Reviews

Mar 27, 2022
FunnyFunny
Rusted Armors is an enigma. Nobody really cared for or bothered to watch it. I thought Miss Kuroitsu from the Monster Development Department would be the only real series I enjoyed this season, but I was wrong. As the next CGI series carrying the torch after Ex-Arm and Tesla Note, I wanted to see what it had to offer since Tesla Note was hilarious 10/10 so bad it's good content. This series has the same soul as it. It's a series that fought against it's awful CGI with everything else it had and won. It's clear the staff put a lot of love into this series when you really think about it in the end. It's backed by a great soundtrack, a loveable cast of characters that get deeply explored, Good voice acting, great humor and character dynamics, family themed emotional storytelling, and nice segments at the end of each episode where two of the main voice actors get to explore food and settings that inspired the series among other things. I'm sure they had a lot of fun since this is something unique this series tried to do. The character development is strong and not a single main character gets left out. Tragically, it's the clearly bad CGI animation that made it all fall apart so many times. I know this is going be historically hated, and that those that enjoyed it will be laughed it. Still, there's a charm to Rusted Armors, it's story, and it's characters.

The mistakes are there. Awful CGI crows, sound effects to nothing, horrifying looking background characters, backgrounds that look like something out of MS Paint, bad and grainy rendering, characters that look like lifeless puppets, overexaggerated sound effects, laughable voice acting from the generic copy and paste enemies, the usual still frame and slideshow disasters that can get almost as bad as those in Requiem of the Rose King, laughably bad 2D animation between the CGI, and silly errors like showing a guy who is sitting on the floor, but they still play the sound of him grunting and sitting down. There were many times early on that the series kept falling apart and sinking further. How could Rusted Armors redeem itself?

The writing in this is strong in that every characters is clearly shown their personal issues, their struggle to overcome, and their resolve as they try to stay mentally strong. The bond between the cast feels sincere like that of an actual family that really grew on me. This is mostly the story of two brothers, and the Rusted Armors: weapons that often look like gun swords that were used to cause power struggles in different countries. The main antagonist is comically evil, and even he gets some nice development by the end. I couldn't help but laugh at him hilariously dancing to classical music among the dead bodies around him after a battle.

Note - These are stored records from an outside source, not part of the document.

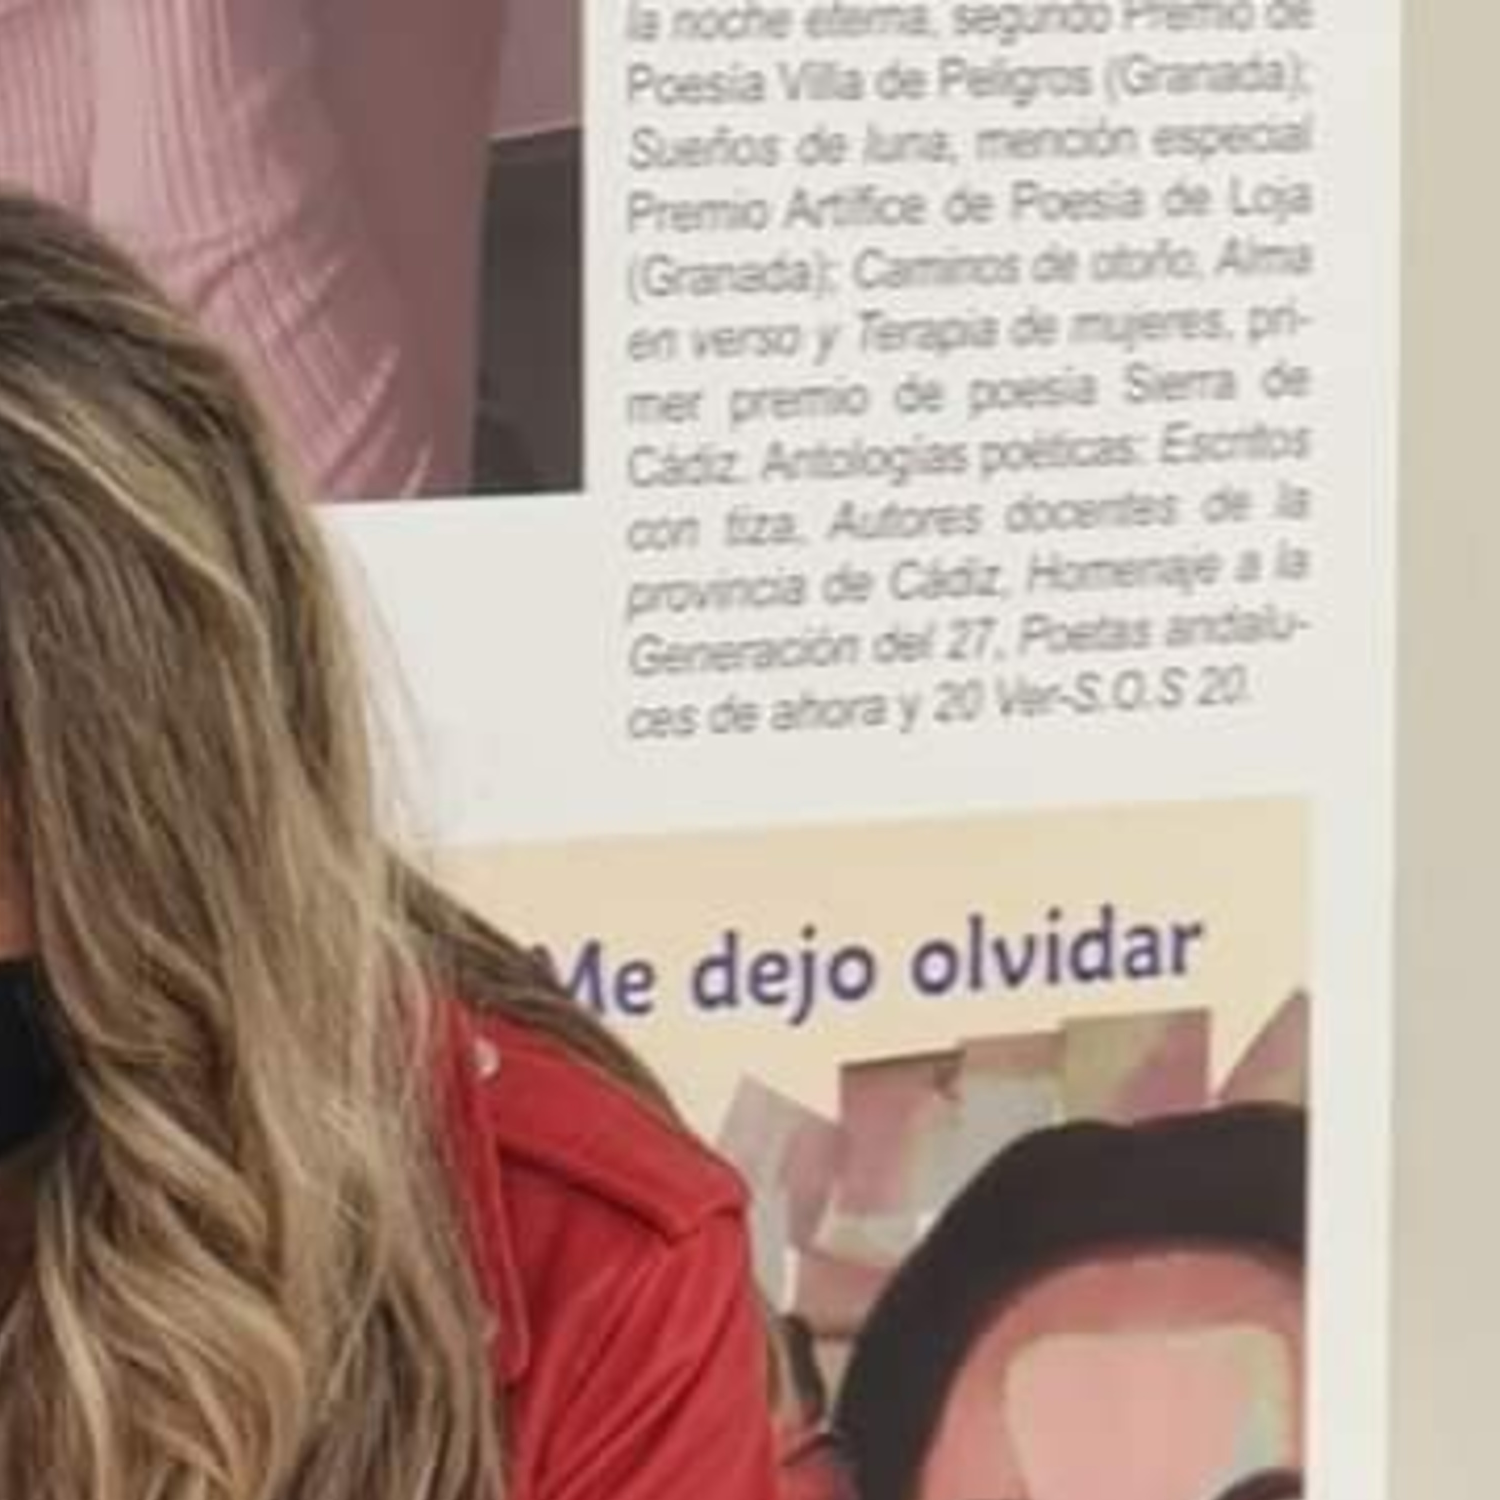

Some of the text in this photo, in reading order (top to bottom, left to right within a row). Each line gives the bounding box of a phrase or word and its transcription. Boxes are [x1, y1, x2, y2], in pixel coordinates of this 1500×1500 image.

[876, 60, 927, 101] de
[796, 125, 848, 166] de
[944, 186, 996, 225] de
[1164, 180, 1210, 218] de
[1032, 243, 1078, 284] de
[814, 326, 838, 367] y
[1009, 308, 1058, 347] de
[894, 371, 944, 414] de
[1261, 357, 1311, 399] de
[1202, 486, 1254, 522] de
[822, 565, 873, 605] de
[708, 693, 759, 734] de
[898, 694, 919, 733] y
[532, 903, 1206, 1026] Me dejo olvidar

Magoichi at first felt like a joke of a protagonist. As the series development, it turned out there was a lot more to him than I thought, and his somewhat naïve and foolish optimism became respectable to me. There's a tragedy to the core of Rusted Armor's story: He grew up teaching his brother to become powerful. This is something that would go to his brother's head, as Lucio would go on to use it to kill nations. Magoichi would later suffer from memory loss, and try to undo what he caused while slowly remembering that he wasn't always the typical hero main character he was revealed to be in the beginning. His teacher Oda is voiced by Toshiki Masuda who also voiced Yamato from Megaton-kyuu Musashi. As a result, I already knew to expect a wonderful performance. Magoichi's best friend Deku is a silly character, that as annoying and foolish as he is, is still a loveable brute.

One of the ideas explored is the purpose and meaning of power. One character might see power only as a means to conquer and kill; that those without are to be preyed upon. As satisfying as this view is to Lucio, it's hollow and covering up for his insecurities. Poetically, It is his abuse and obsession with power that becomes his downfall. Another idea explored is finding a purpose. As I mentioned earlier, the viewers will come to understand what exactly each main character is really about, and their purposes that they realize in life.

As the ED played one last time with Magoichi aimlessly flailing his Rusted Armor around in the purple void to Fantastics from Exile Tribe's nice and melancholy ending sequence song, and as the voice acting cast said goodbye in the after segment, this series did bring a tear to my eye. Maybe I am the only that saw something in this that the few others who watched it and hated it didn't, and maybe I am not the best at explaining this, but this series really connected with me and I didn't want it to end.